CD19‐targeted chimeric antigen receptor T (CAR‐T) cells using murine single‐chain variable fragment (scFv) has shown substantial clinical efficacy in treating relapsed/refractory acute lymphoblastic leukemia (R/R ALL). However, potential immunogenicity of the murine scFv domain may limit the persistence of CAR‐T cells. In this study, we treated 52 consecutive subjects with R/R ALL with humanized CD19‐specific CAR‐T cells (hCART19s). Forty‐six subjects achieved complete remission (CR) (N = 43) or CR with incomplete count recovery (CRi) (N = 3) within 1 month post infusion.
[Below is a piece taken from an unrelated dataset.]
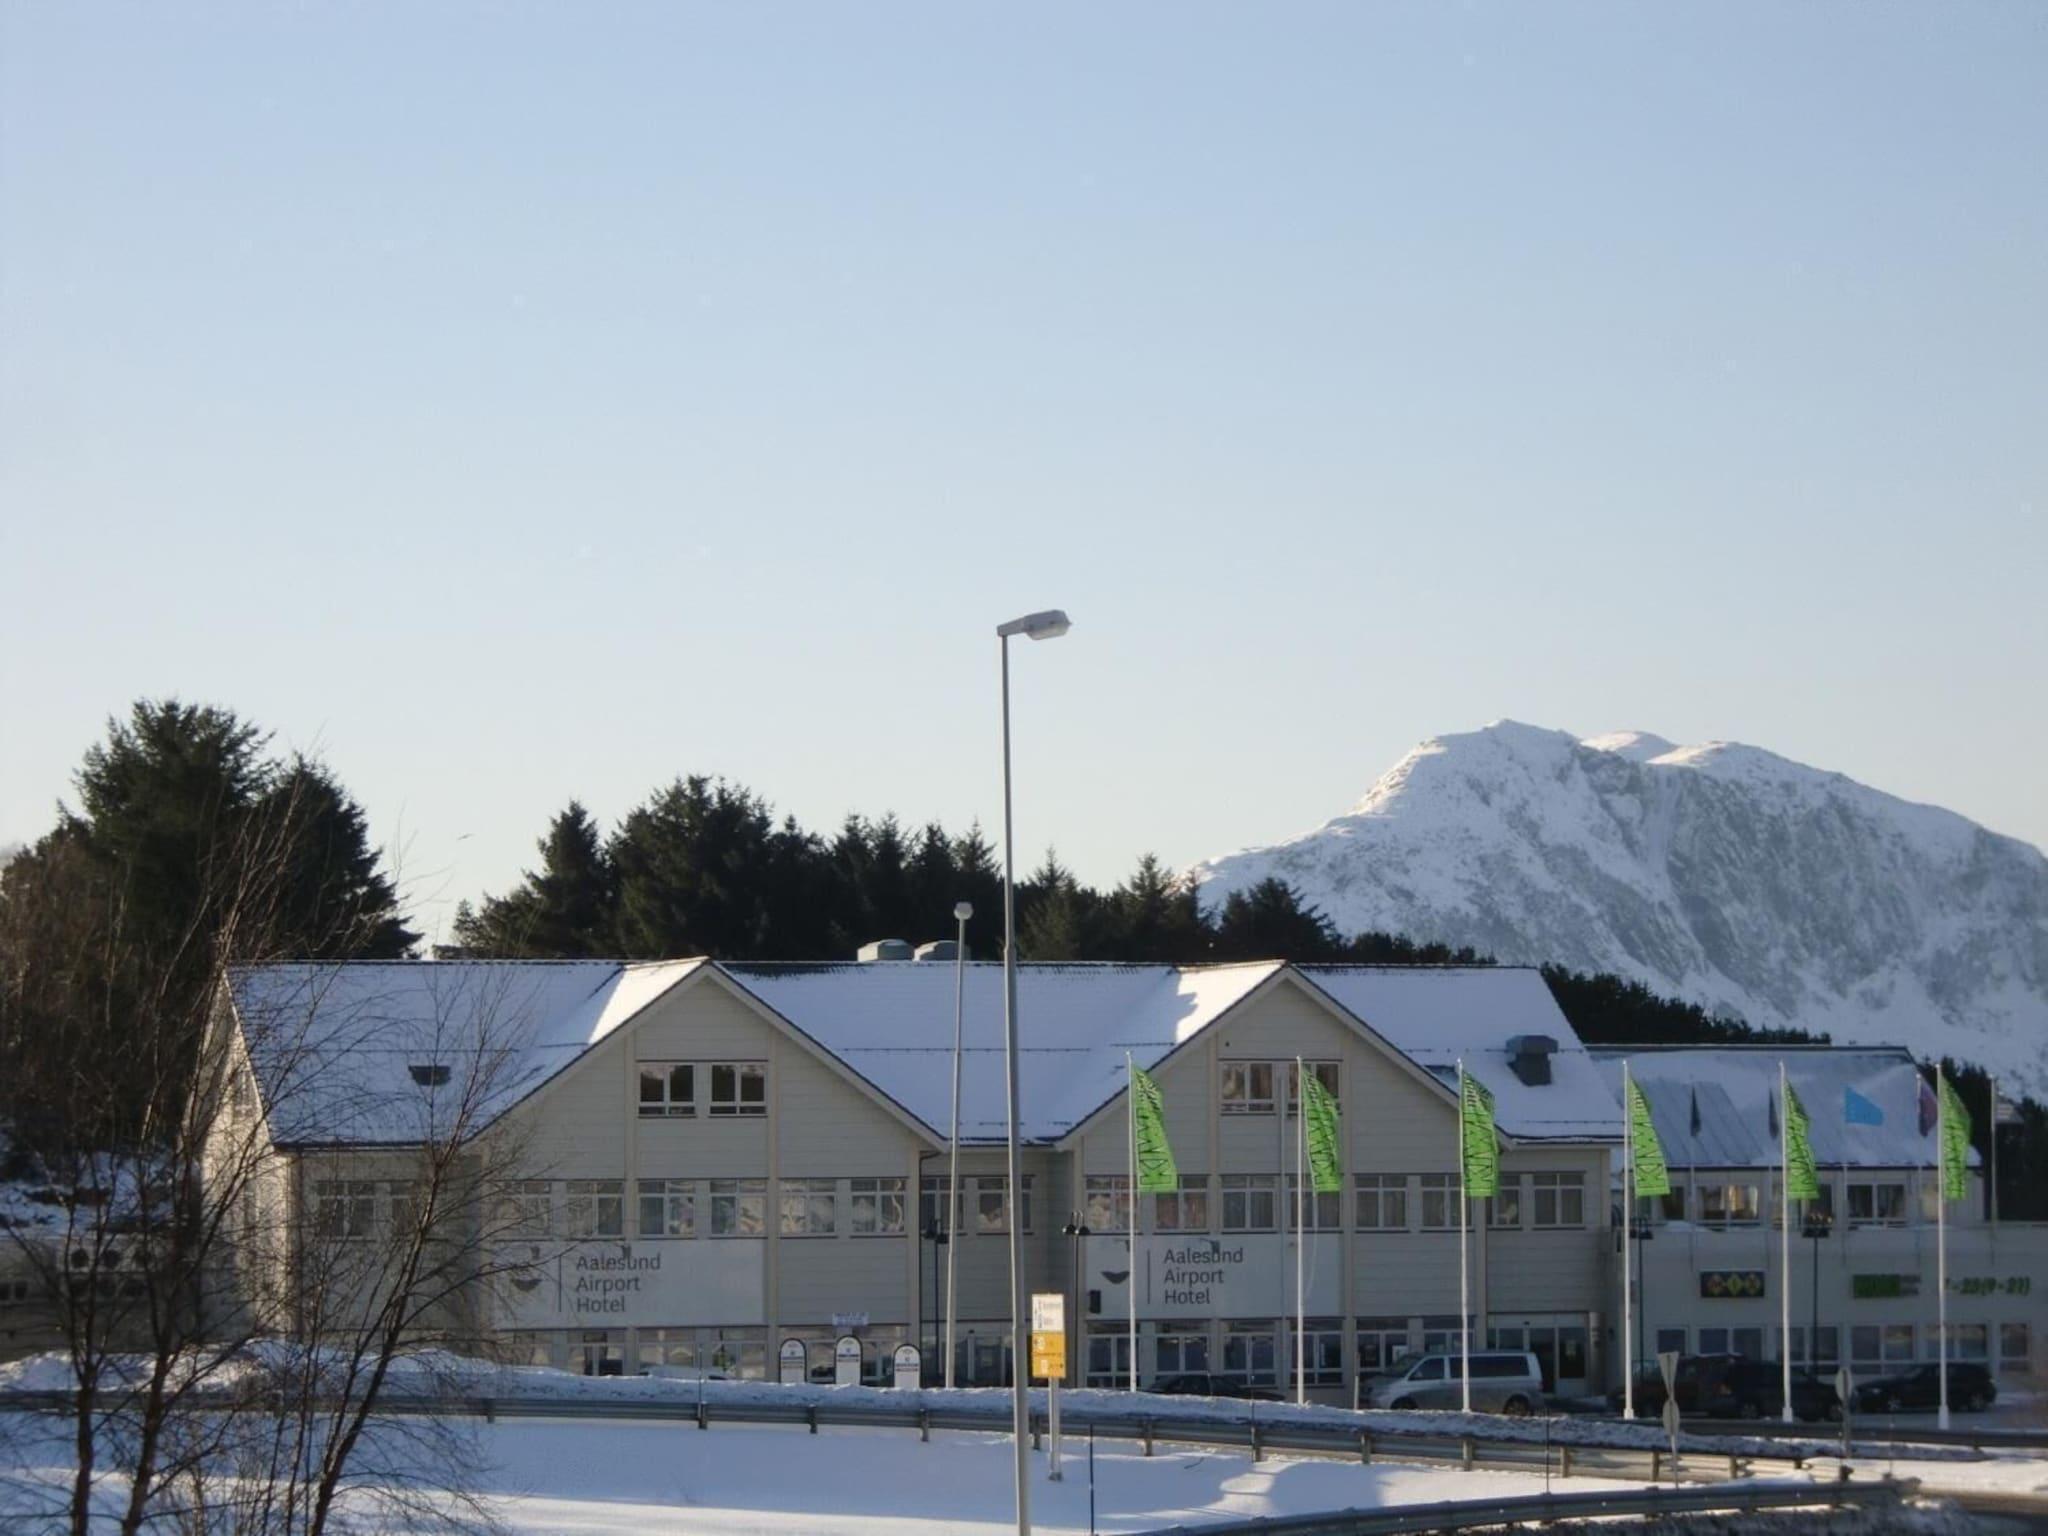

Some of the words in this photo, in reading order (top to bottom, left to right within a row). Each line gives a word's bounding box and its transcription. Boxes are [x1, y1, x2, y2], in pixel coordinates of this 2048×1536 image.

During the follow‐up with a median time of 20 months, the 1‐year cumulative incidence of relapse was 25% (95% confidence interval [CI] 13–46), and 1‐year event‐free survival was 45% (95% CI 29–60). To the cutoff date, 20 patients presented CD19+ relapse and 2 had CD19− relapse. Among the 22 relapsed patients, 14 had treatment‐mediated and treatment‐boosted antidrug antibodies (ADA) as detected in a sensitive and specific cell‐based assay. ADA positivity was correlated with the disease relapse risk. ADA‐positive patients had a significantly lower CAR copy number than ADA‐negative patients at the time of recurrence (p < .001). In conclusion, hCART19s therapy is safe and highly active in R/R ALL patients, and the hCART19s treatment could induce the emergence of ADA, which is related to the recurrence of the primary disease.